Posts tagged deep brain stimulation

Findings could help guide clinicians in selecting stimulation sites and improve treatment for neurological and psychiatric disorders

Over the past several decades, brain stimulation has become an increasingly important treatment option for a number of psychiatric and neurological conditions.

Divided into two broad approaches, invasive and noninvasive, brain stimulation works by targeting specific sites to adjust brain activity. The most widely known invasive technique, deep brain stimulation (DBS), requires brain surgery to insert an electrode and is approved by the U.S. Food and Drug Administration (FDA) for the treatment of Parkinson’s disease and essential tremor. Noninvasive techniques, including transcranial magnetic stimulation (TMS), can be administered from outside the head and are currently approved for the treatment of depression. Brain stimulation can result in dramatic benefit to patients with these disorders, motivating researchers to test whether it can also help patients with other diseases.

But, in many cases, the ideal sites to administer stimulation have remained ambiguous. Exactly where in the brain is the best spot to stimulate to treat a given patient or a given disease?

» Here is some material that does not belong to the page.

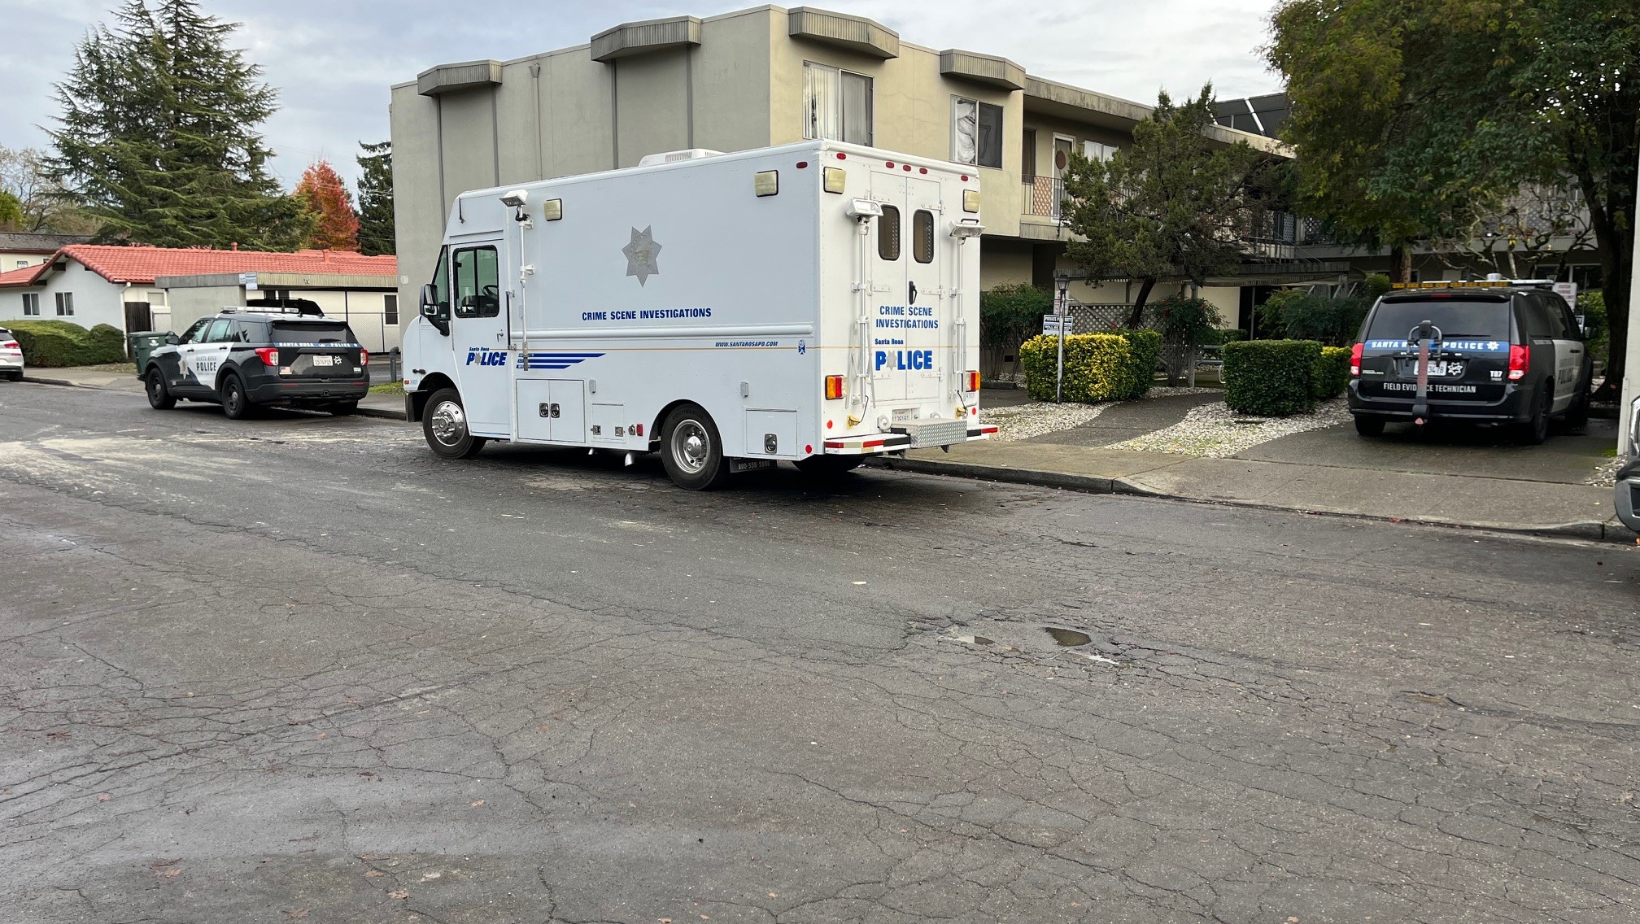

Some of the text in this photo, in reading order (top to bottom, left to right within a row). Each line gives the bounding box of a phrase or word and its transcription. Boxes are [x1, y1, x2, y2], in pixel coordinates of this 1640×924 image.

Now a new study in the Proceedings of the National Academy of Sciences (PNAS) helps answer this question. Led by investigators at Beth Israel Deaconess Medical Center (BIDMC), the findings suggest that brain networks – the interconnected pathways that link brain circuits to one another— can help guide site selection for brain stimulation therapies.

"Although different types of brain stimulation are currently applied in different locations, we found that the targets used to treat the same disease are nodes in the same connected brain network," says first author Michael D. Fox, MD, PhD, an investigator in the Berenson-Allen Center for Noninvasive Brain Stimulation and in the Parkinson’s Disease and Movement Disorders Center at BIDMC.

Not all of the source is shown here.